Back in Longview, Jule Crowell is still coming to terms with the realization that her grandchildren will grow up without a mother. Even as Stephanie Deal struggled with addiction, Crowell says, her children were her cornerstone. She cooked and cleaned and took them to the park, and when she lived away from them, she visited.

Ella is now in fourth grade and Jaxen is in kindergarten. In the fall, he and his classmates drew on whiteboards. Jaxen drew his mom on the ground and himself standing over her, crying. The arrow pointing up meant she was going to heaven, he said. Crowell and the kids release balloons to the sky on Stephanie’s birthday and eat her favorite dessert, shortbread layered in cream cheese, pudding, Cool Whip, and nuts. Crowell made it for her every year. Now they’re making Stephanie a memorial garden. “I think the kids need it just as much as I do,” she said.

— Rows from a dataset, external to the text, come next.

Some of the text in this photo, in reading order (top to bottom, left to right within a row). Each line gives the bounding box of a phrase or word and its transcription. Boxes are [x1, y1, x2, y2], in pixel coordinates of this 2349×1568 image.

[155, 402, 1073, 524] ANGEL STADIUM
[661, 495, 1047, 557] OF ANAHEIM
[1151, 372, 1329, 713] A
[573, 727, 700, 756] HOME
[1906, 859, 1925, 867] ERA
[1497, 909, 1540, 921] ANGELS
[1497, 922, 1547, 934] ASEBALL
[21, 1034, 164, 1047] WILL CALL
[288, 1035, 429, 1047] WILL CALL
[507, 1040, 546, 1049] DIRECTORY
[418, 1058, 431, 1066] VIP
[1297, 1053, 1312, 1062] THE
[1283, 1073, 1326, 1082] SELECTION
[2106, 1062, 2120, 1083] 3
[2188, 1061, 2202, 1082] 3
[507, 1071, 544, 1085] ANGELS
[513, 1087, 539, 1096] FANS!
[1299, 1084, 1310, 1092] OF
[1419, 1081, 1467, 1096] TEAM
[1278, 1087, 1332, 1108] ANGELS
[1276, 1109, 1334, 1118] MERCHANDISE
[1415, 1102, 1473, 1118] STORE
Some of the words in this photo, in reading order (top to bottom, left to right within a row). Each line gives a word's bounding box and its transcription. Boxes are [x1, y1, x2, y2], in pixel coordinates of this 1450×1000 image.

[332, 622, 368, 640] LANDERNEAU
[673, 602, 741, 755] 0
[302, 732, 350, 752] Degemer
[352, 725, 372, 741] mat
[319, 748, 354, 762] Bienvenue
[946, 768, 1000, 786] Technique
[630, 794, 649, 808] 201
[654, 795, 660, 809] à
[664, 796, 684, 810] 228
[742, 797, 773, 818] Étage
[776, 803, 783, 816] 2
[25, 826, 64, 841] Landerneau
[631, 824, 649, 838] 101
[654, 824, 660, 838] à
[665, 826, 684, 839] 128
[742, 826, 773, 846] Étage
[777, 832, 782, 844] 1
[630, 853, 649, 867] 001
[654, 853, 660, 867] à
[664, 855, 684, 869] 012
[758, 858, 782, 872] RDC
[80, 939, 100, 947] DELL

Crowell is still reckoning with her decision to not rescue her daughter when she pleaded for bail. She knew Stephanie was an addict and needed help; she didn’t know she was so sick. “I would’ve got her out,” she says, tears streaming down her cheeks. “I have to live with that for the rest of my life.”

And she worries about something else. She worries that the cops and the jails—the whole system, really—don’t treat addicts the way they treat other citizens, that they consider her daughter and others like her nobodies.

“Well they were once a somebody,” she says. “And they still are.”